MRAG: A Modular Retrieval Framework for Time-Sensitive Question Answering
Zhang Siyue, Xue Yuxiang, Zhang Yiming, Wu Xiaobao, Luu Anh Tuan, Zhao Chen
TL;DR
MRAG tackles the challenge of time-sensitive QA by disentangling semantic relevance from temporal reasoning in a trainless, modular retrieval framework. It introduces TempRAGEval, a diagnostic benchmark with temporal perturbations and gold evidence to stress-test retrieval and QA components. MRAG combines Question Processing, Retrieval and Summarization, and Semantic-Temporal Hybrid Ranking to achieve substantial retrieval gains, which in turn improve end QA performance across multiple LLM backbones; notable gains include 9.3% top-1 recall and 11% top-1 evidence recall, with downstream EM/F1 improvements.

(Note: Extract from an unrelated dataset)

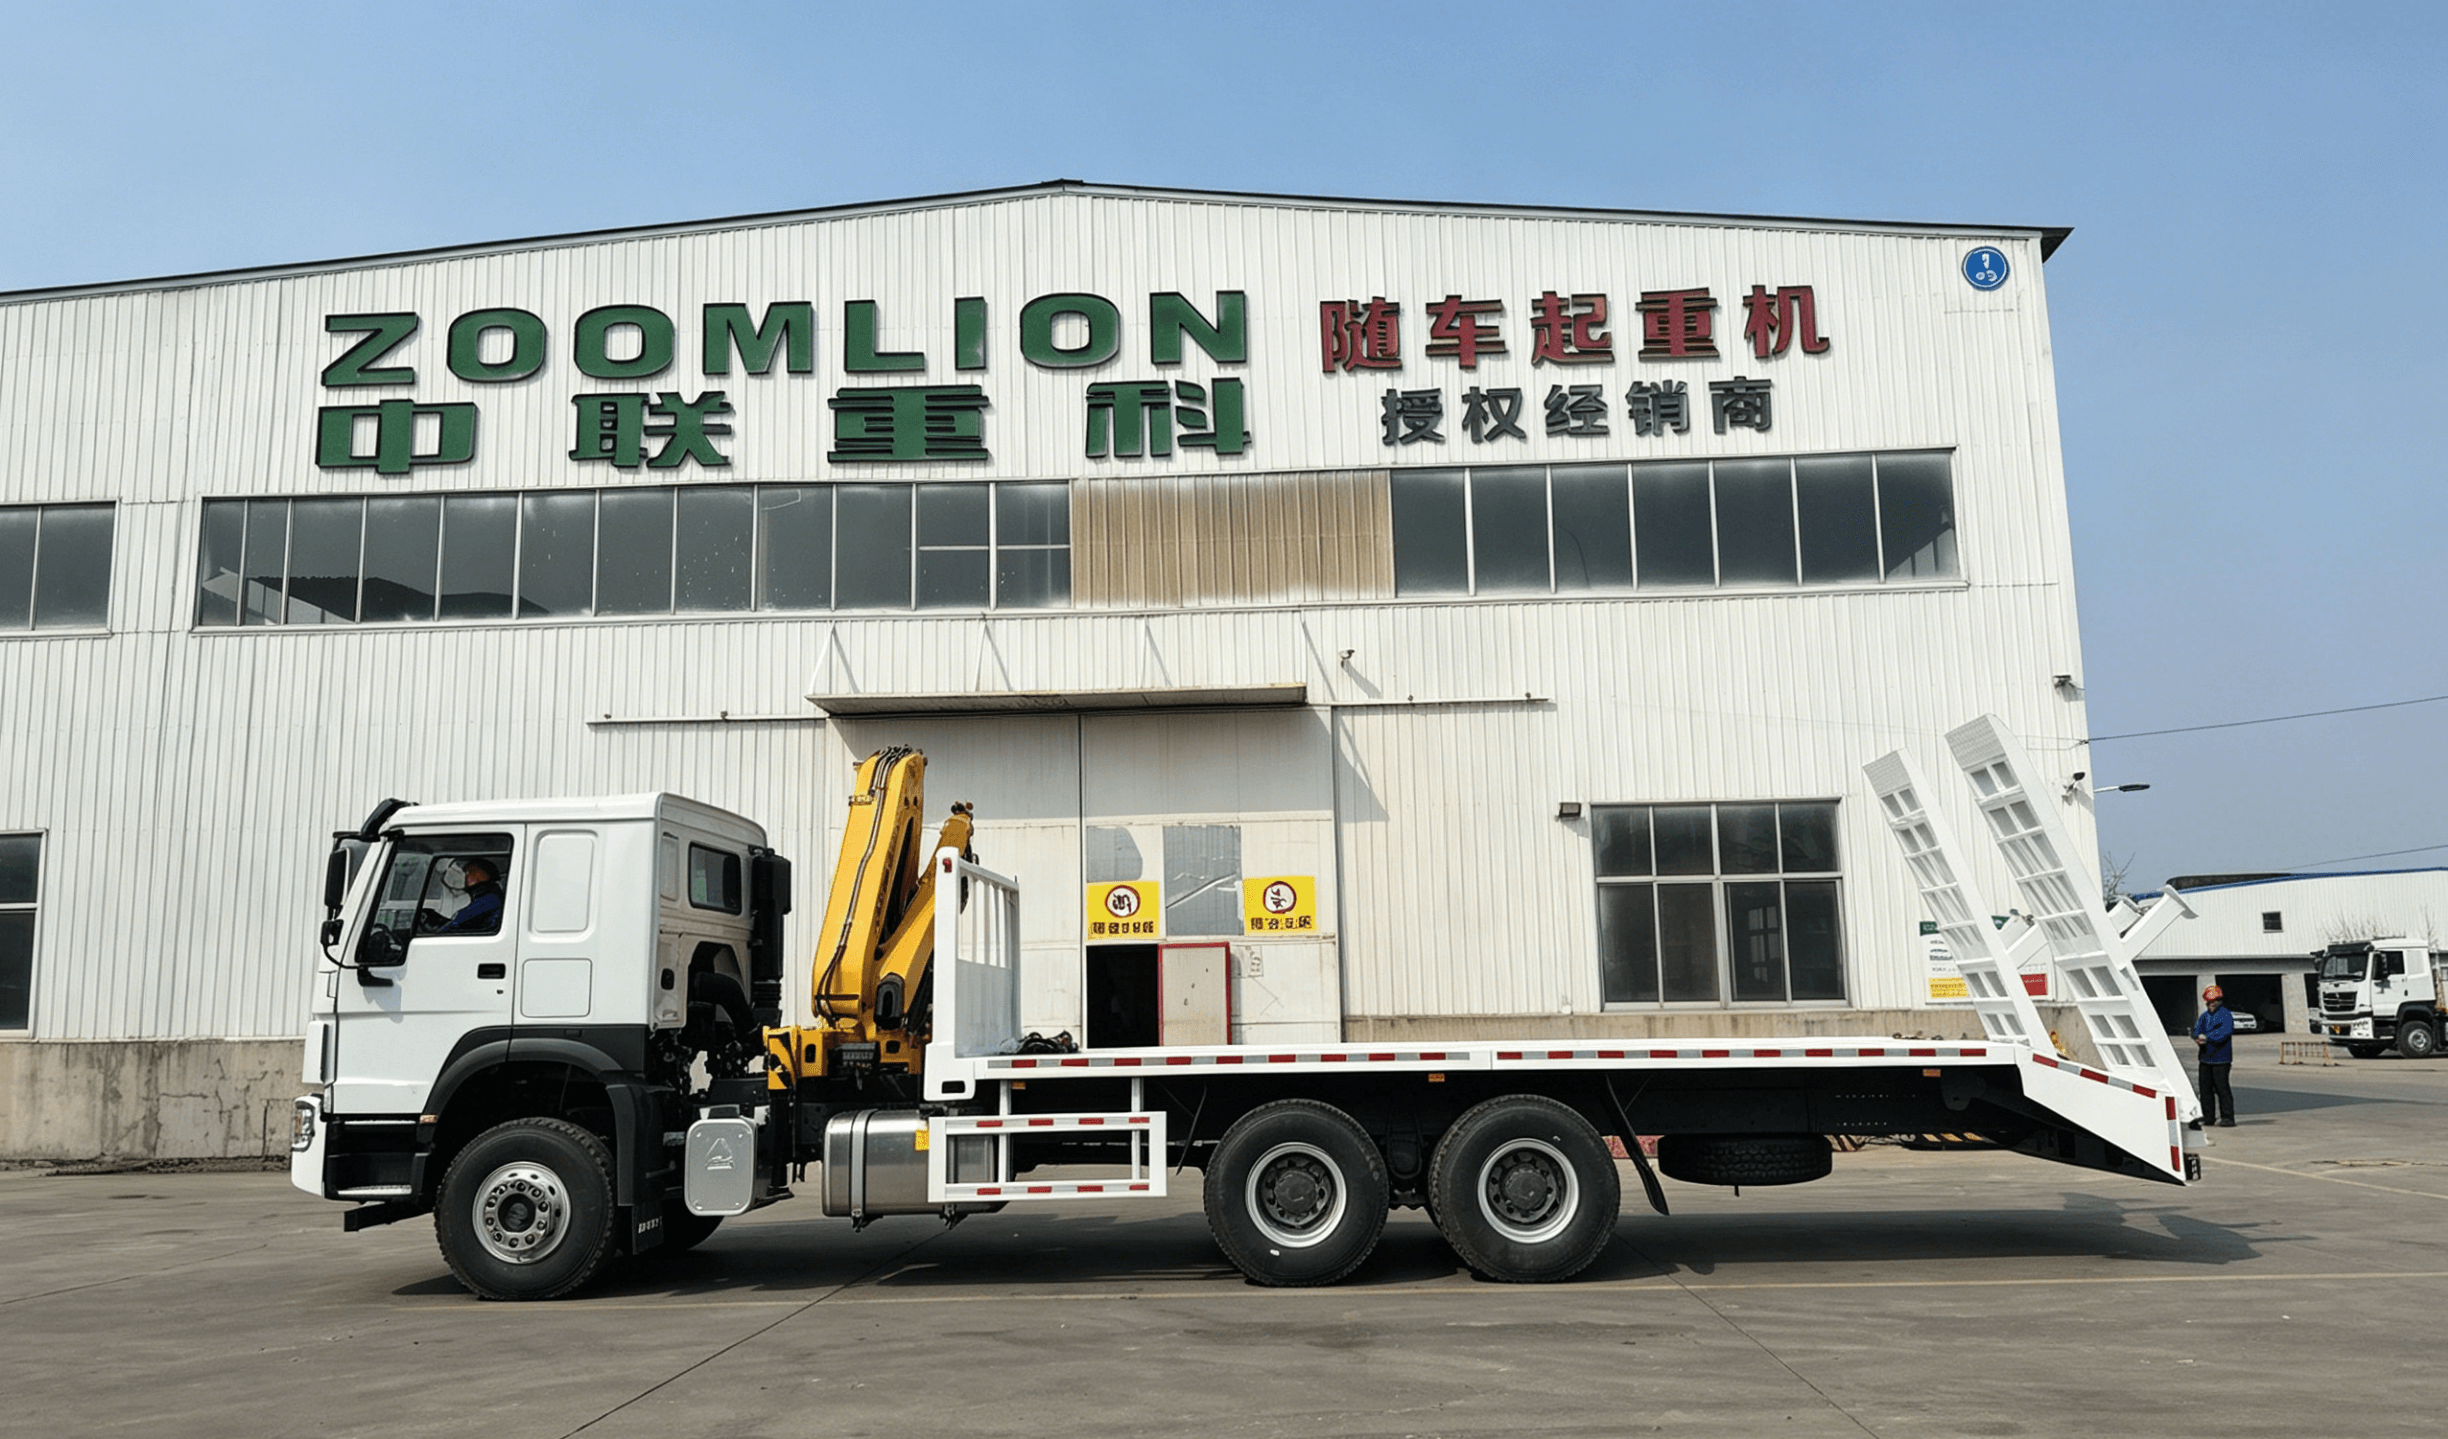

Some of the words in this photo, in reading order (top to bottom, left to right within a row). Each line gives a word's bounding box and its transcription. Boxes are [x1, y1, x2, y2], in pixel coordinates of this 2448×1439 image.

[321, 290, 1247, 386] ZOOMLION
[1320, 285, 1830, 374] 随车起重机
[315, 378, 1251, 475] 中联重科
[1381, 375, 1774, 445] 授权经销商

The work demonstrates that integrating symbolic temporal scoring with semantic retrieval enhances robustness to temporal perturbations and sets a benchmark for future reasoning-intensive retrieval research.
Abstract
Understanding temporal relations and answering time-sensitive questions is crucial yet a challenging task for question-answering systems powered by large language models (LLMs). Existing approaches either update the parametric knowledge of LLMs with new facts, which is resource-intensive and often impractical, or integrate LLMs with external knowledge retrieval (i.e., retrieval-augmented generation). However, off-the-shelf retrievers often struggle to identify relevant documents that require intensive temporal reasoning. To systematically study time-sensitive question answering, we introduce the TempRAGEval benchmark, which repurposes existing datasets by incorporating temporal perturbations and gold evidence labels. As anticipated, all existing retrieval methods struggle with these temporal reasoning-intensive questions. We further propose Modular Retrieval (MRAG), a trainless framework that includes three modules: (1) Question Processing that decomposes question into a main content and a temporal constraint; (2) Retrieval and Summarization that retrieves evidence and uses LLMs to summarize according to the main content; (3) Semantic-Temporal Hybrid Ranking that scores each evidence summarization based on both semantic and temporal relevance. On TempRAGEval, MRAG significantly outperforms baseline retrievers in retrieval performance, leading to further improvements in final answer accuracy.